Changing Hearts and Minds on Universal Broadband
The New York Times recently ran an article (”High Speed for the Sparsely Wired,” July 9, 2010) reminding us that the September 30th deadline for awarding broadband stimulus grants is approaching. The Times article by Susannah G. Kim highlights the pending impact of federal stimulus money to extend high speed Internet access to rural areas.
Now that grant-winning projects are underway, residents in rural communities from North Carolina to Kansas to remote parts of Alaska are expressing optimism that broadband access will give them the tools they and their children need to compete and prosper in the future. I hope they succeed. To read several of the public comments in response to Kim’s article, there are people who don’t seem to care if they do.
One commenter from Troy, New York (recommended by 41 readers) wrote:
Boo hoo hoo. You live in a remote area, and can’t have high speed internet. I’m heartbroken. Have the government spend a few billion…..and send the bill to my grandchildren.
And from Cleveland, Ohio (recommended by 80 readers):
…These folks don’t need no stinkin’ internet to access their Higher Authority. We gave them dial up telephone service years ago, let them live with that until they sign onto the concept of paying for what they get. Ingrates.
And this one from Jersey City, New Jersey (12 recommendations):
Wait. High-speed internet is a widely-available service to anyone living in a city, the suburbs, or the exburbs. How did it become the federal government’s responsibility to provide this service to people who have made the CHOICE to live where the service isn’t available?

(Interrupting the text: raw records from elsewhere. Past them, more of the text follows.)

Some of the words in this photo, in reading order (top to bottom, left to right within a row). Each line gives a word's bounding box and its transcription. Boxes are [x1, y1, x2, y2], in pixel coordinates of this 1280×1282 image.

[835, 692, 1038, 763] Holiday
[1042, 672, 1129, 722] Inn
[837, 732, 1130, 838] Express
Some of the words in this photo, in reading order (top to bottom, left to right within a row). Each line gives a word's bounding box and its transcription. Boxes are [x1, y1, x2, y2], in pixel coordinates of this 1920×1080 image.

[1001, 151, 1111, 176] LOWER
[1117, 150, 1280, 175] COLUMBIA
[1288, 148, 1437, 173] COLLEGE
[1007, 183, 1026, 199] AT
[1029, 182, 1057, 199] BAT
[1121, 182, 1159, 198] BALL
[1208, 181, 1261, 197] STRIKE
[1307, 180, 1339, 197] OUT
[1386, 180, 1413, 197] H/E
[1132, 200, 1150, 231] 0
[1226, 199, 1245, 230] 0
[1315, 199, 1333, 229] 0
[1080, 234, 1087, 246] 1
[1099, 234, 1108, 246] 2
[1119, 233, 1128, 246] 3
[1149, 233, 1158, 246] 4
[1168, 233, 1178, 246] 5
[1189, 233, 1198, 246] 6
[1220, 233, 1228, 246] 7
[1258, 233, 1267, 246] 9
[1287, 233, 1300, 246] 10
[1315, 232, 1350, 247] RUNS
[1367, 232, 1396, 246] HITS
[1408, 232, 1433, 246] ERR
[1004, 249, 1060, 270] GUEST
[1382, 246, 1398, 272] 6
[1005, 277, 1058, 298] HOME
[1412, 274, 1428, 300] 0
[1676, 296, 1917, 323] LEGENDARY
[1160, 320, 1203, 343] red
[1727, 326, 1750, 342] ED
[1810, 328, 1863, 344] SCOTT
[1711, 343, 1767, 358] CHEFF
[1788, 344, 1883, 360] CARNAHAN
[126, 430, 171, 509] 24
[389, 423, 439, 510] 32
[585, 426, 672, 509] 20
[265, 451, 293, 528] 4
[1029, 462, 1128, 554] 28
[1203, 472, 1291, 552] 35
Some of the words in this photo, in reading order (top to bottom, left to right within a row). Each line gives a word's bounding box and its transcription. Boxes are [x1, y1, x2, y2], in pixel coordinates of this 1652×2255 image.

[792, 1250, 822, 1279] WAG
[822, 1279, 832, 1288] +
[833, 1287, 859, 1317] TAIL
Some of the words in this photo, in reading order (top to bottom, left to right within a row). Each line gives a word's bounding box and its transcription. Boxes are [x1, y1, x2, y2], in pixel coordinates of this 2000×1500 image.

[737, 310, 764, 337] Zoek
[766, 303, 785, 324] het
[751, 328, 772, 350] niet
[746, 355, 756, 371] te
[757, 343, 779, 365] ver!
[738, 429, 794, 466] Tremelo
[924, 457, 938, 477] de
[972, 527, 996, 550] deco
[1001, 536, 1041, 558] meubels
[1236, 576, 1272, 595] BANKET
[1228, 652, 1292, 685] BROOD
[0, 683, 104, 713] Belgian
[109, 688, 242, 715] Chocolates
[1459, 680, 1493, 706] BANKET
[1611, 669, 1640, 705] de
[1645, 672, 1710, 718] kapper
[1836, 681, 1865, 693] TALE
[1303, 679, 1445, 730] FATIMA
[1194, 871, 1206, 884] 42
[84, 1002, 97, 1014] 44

There’s no doubt that delivering meaningful affordable broadband access to every community in America presents a great challenge, especially in these tough economic times. But information is not a luxury and never has been, even if some forms of content seem frivolous and diverting. Information is a necessity, as vital to the healthy functioning of communities as clean air, safe streets, good schools and public health. Information is important to help citizens coordinate, solve problems, ensure public accountability and stay connected.
Reasonable minds will differ on how best to pay for the enormous investment that such an undertaking will require. Considering the magnitude of the need, it’s obvious that, like the interstate highway system, rural electrification, and universal childhood immunizations, it won’t happen without a combination of private and public investment (as the Knight Commission has observed). Nor should we discount government’s interest in promoting the diffusion of information technologies, given that information is often a public good and such investments do have significant beneficial educational and economic ripple effects.
The Aspen Institute Communications and Society Program and the John S. and James L. Knight Foundation together are exploring public policies that can realize the Knight Commission’s recommendations to promote universal broadband access and adoption. We have commissioned a white paper by former National Broadband Plan Executive Director Blair Levin, who is looking at how existing funds already allocated for various telecommunications, information and community uses can be redirected to meet these needs (this is just one of several policy options Levin’s paper will address). In fact, we’ve commissioned eight white papers, to be published later this year, aimed at offering policy options at the local, state and national levels for implementing the Knight Commission’s 15 recommendations.
The information issue is everyone’s issue. If some of the public comments to the Times article are any indication, changing individual attitudes about the importance of information and information tools in supporting individual and collective community life may be as challenging in the long run as achieving universal broadband. But I hope not.